#### Records provided ####

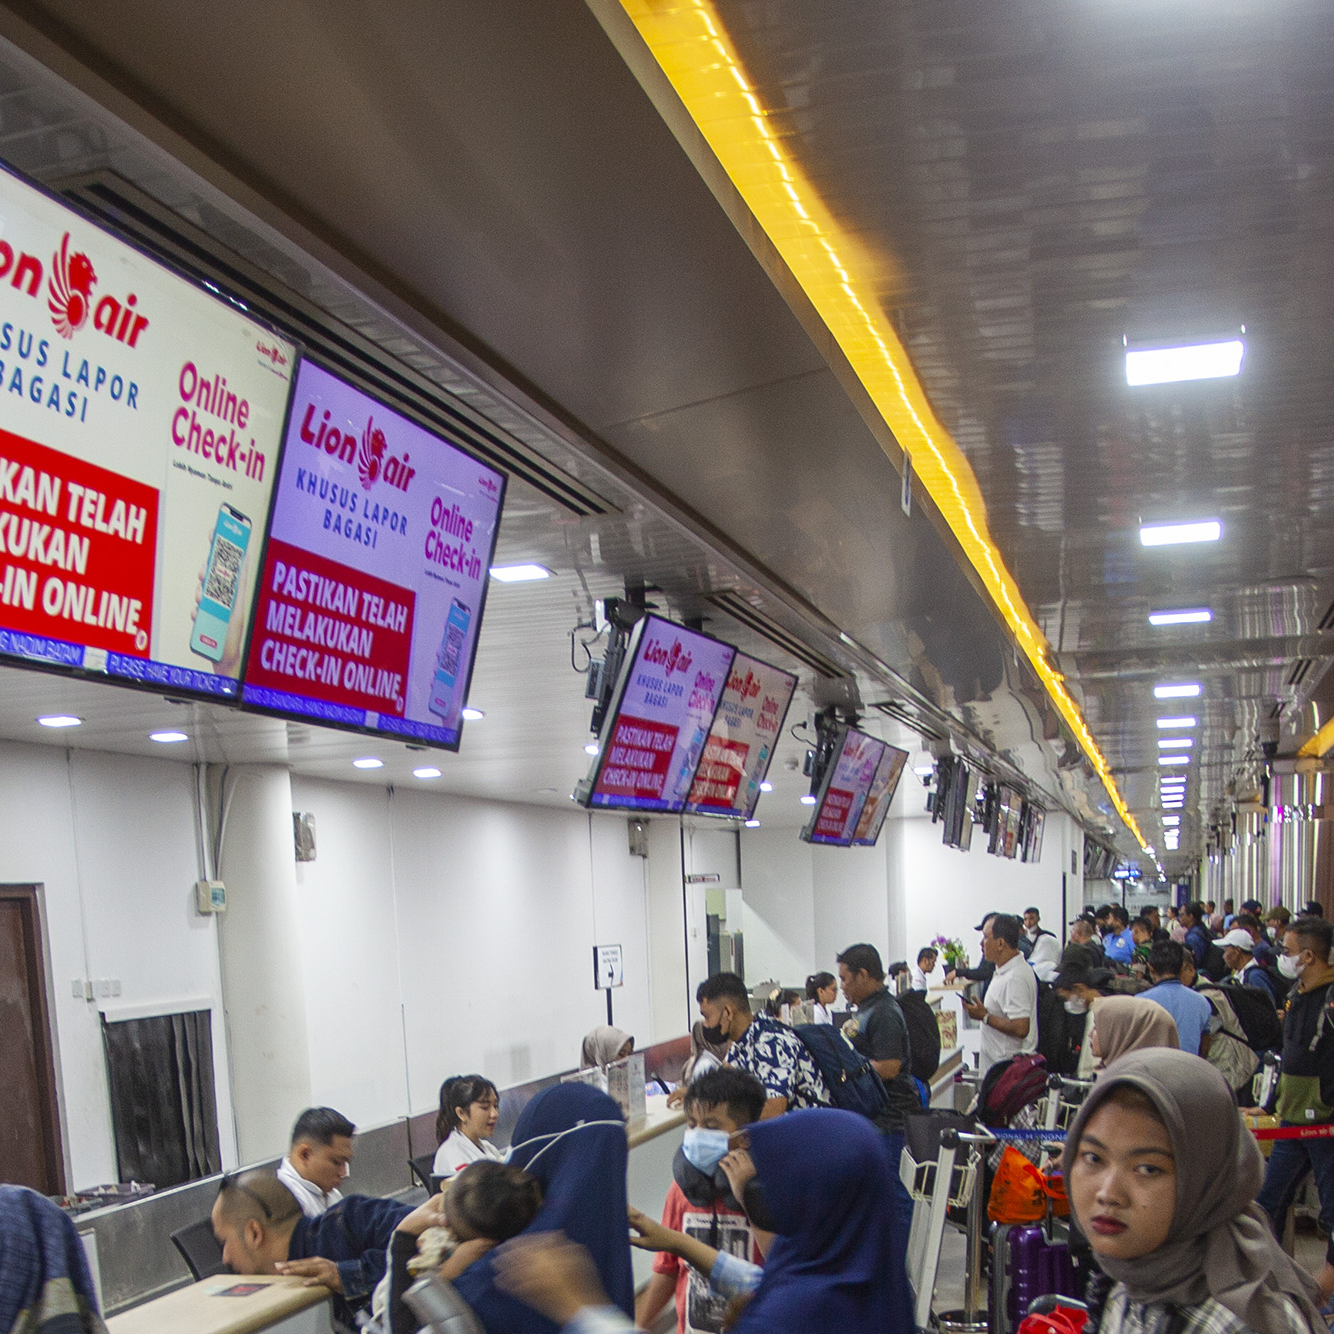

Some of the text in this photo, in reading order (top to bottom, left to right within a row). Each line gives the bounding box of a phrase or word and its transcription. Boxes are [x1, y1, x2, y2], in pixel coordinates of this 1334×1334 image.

[93, 294, 149, 348] air
[61, 350, 139, 411] LAPOR
[179, 361, 250, 429] Online
[171, 406, 265, 483] Check-in
[299, 404, 416, 494] Lion air
[67, 482, 147, 545] TELAH
[296, 468, 409, 538] KHUSUS LAPOR
[323, 509, 378, 550] BAGASI
[430, 495, 473, 542] Online
[424, 531, 481, 581] Check-in
[43, 577, 142, 634] ONLINE
[272, 560, 409, 635] PASTIKAN TELAH
[266, 603, 373, 659] MELAKUKAN
[643, 639, 693, 673] Lion air
[260, 640, 402, 702] CHECK-IN ONLINE
[636, 674, 685, 697] KHUSUS LAPOR
[609, 747, 656, 769] MELAKUKAN
[615, 725, 675, 752] PASTIKAN TELAH
[602, 768, 664, 791] CHECK-IN ONLINE
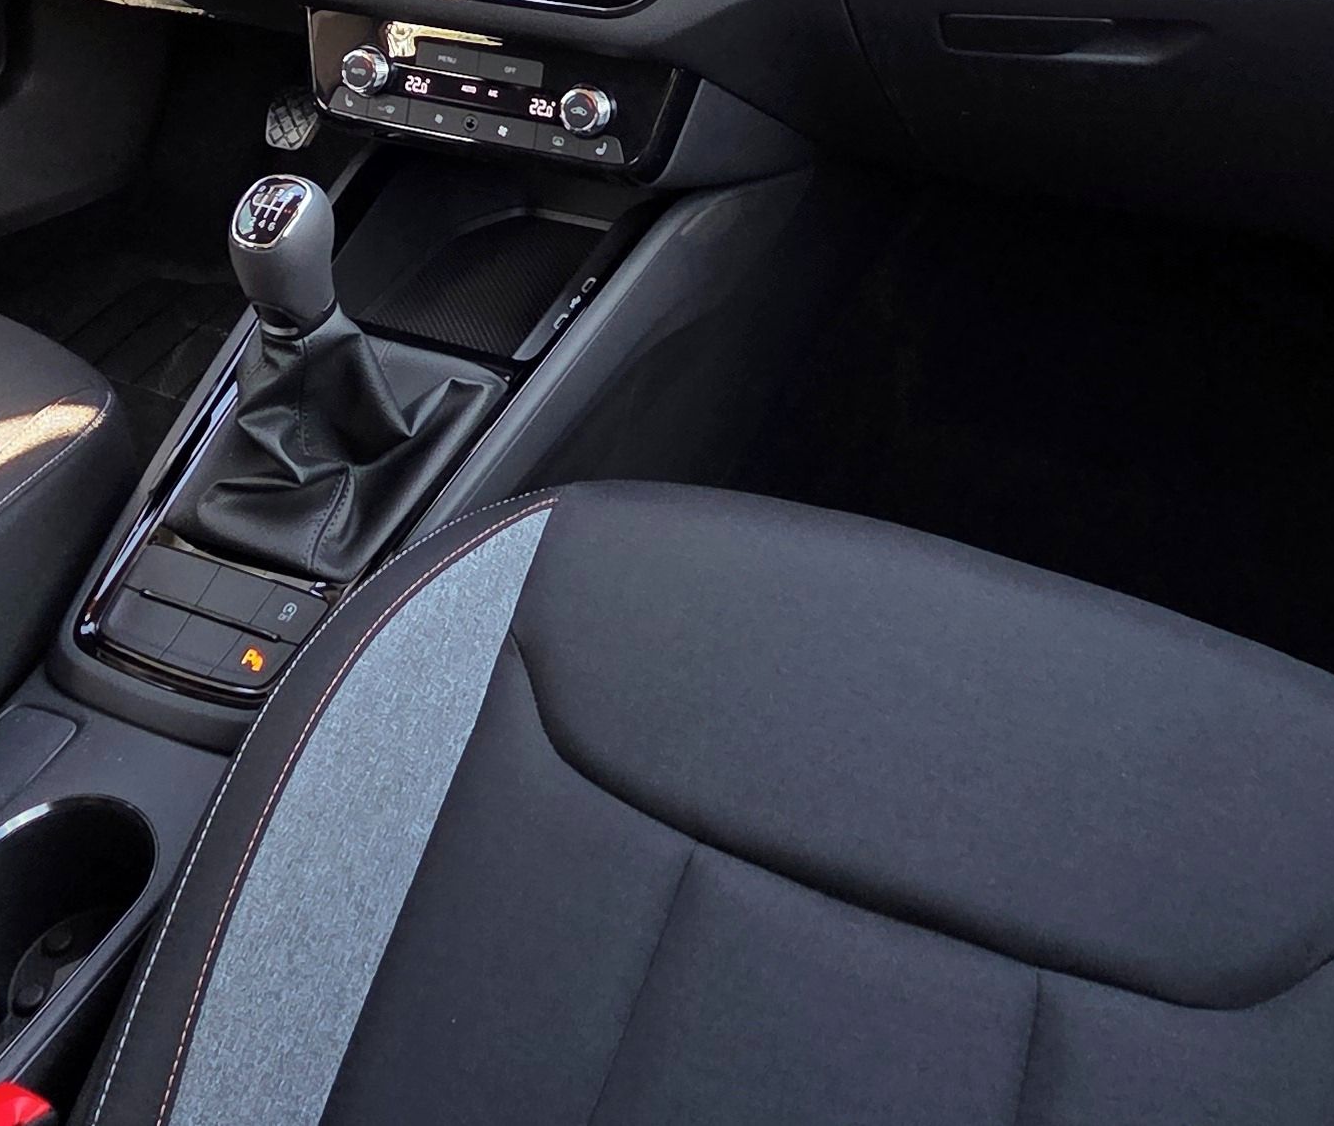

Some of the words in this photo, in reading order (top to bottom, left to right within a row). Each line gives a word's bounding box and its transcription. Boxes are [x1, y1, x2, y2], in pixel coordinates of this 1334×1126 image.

[437, 54, 457, 65] MENU
[503, 65, 517, 74] OFF
[258, 219, 266, 229] 4
[267, 221, 276, 232] 6
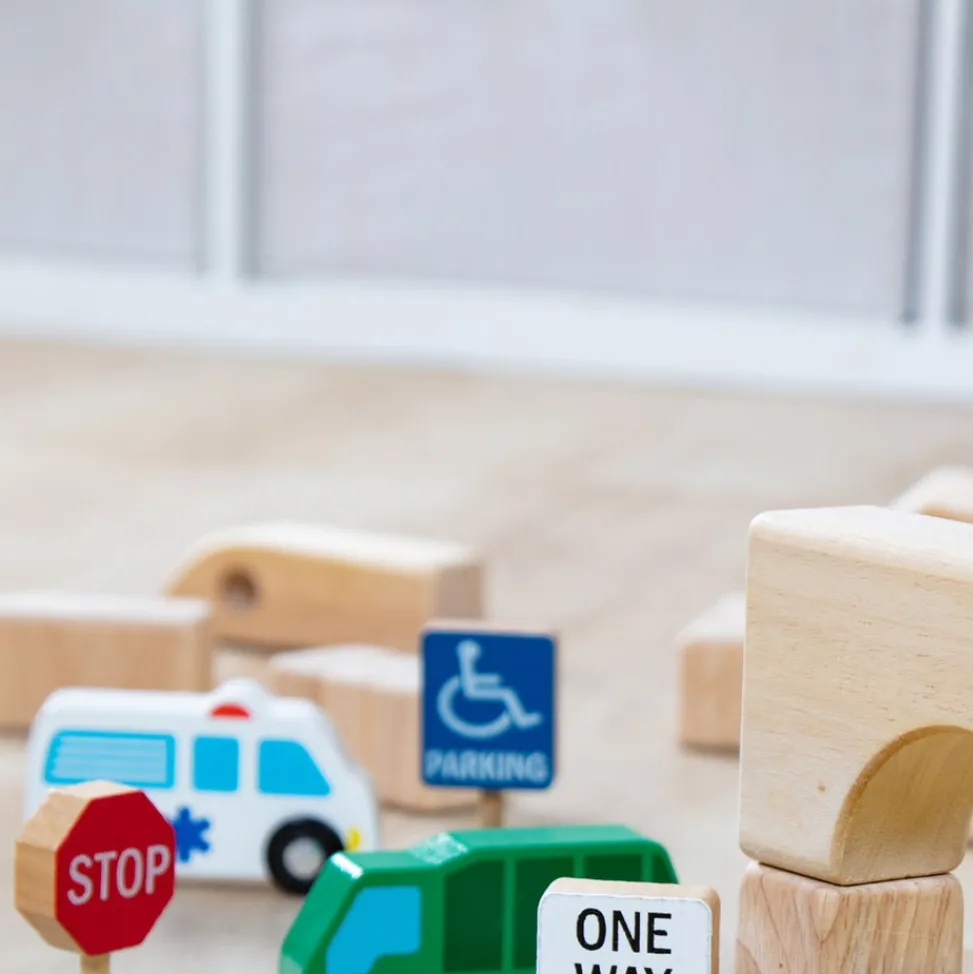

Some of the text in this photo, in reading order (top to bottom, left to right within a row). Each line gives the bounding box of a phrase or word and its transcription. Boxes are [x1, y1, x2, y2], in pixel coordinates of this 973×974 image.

####

What you need to do: Please give the data again in full, exactly as written, but without any images.

Result of this task:
Some of the text in this photo, in reading order (top to bottom, left to right within a row). Each line gives the bounding box of a phrase or word and its transcription. Boxes are [x1, y1, x2, y2], in pixel coordinates of this 1334×1334 image.

[93, 294, 149, 348] air
[61, 350, 139, 411] LAPOR
[179, 361, 250, 429] Online
[171, 406, 265, 483] Check-in
[299, 404, 416, 494] Lion air
[67, 482, 147, 545] TELAH
[296, 468, 409, 538] KHUSUS LAPOR
[323, 509, 378, 550] BAGASI
[430, 495, 473, 542] Online
[424, 531, 481, 581] Check-in
[43, 577, 142, 634] ONLINE
[272, 560, 409, 635] PASTIKAN TELAH
[266, 603, 373, 659] MELAKUKAN
[643, 639, 693, 673] Lion air
[260, 640, 402, 702] CHECK-IN ONLINE
[636, 674, 685, 697] KHUSUS LAPOR
[609, 747, 656, 769] MELAKUKAN
[615, 725, 675, 752] PASTIKAN TELAH
[602, 768, 664, 791] CHECK-IN ONLINE

Some of the words in this photo, in reading order (top to bottom, left to right within a row). Each line gives a word's bounding box and its transcription. Boxes are [x1, y1, x2, y2], in pixel coordinates of this 1334×1126 image.

[437, 54, 457, 65] MENU
[503, 65, 517, 74] OFF
[258, 219, 266, 229] 4
[267, 221, 276, 232] 6

Some of the text in this photo, in reading order (top to bottom, left to right within a row). Each line gives the bounding box of a phrase or word and its transcription. Boxes are [x1, y1, x2, y2], in pixel coordinates of this 973×974 image.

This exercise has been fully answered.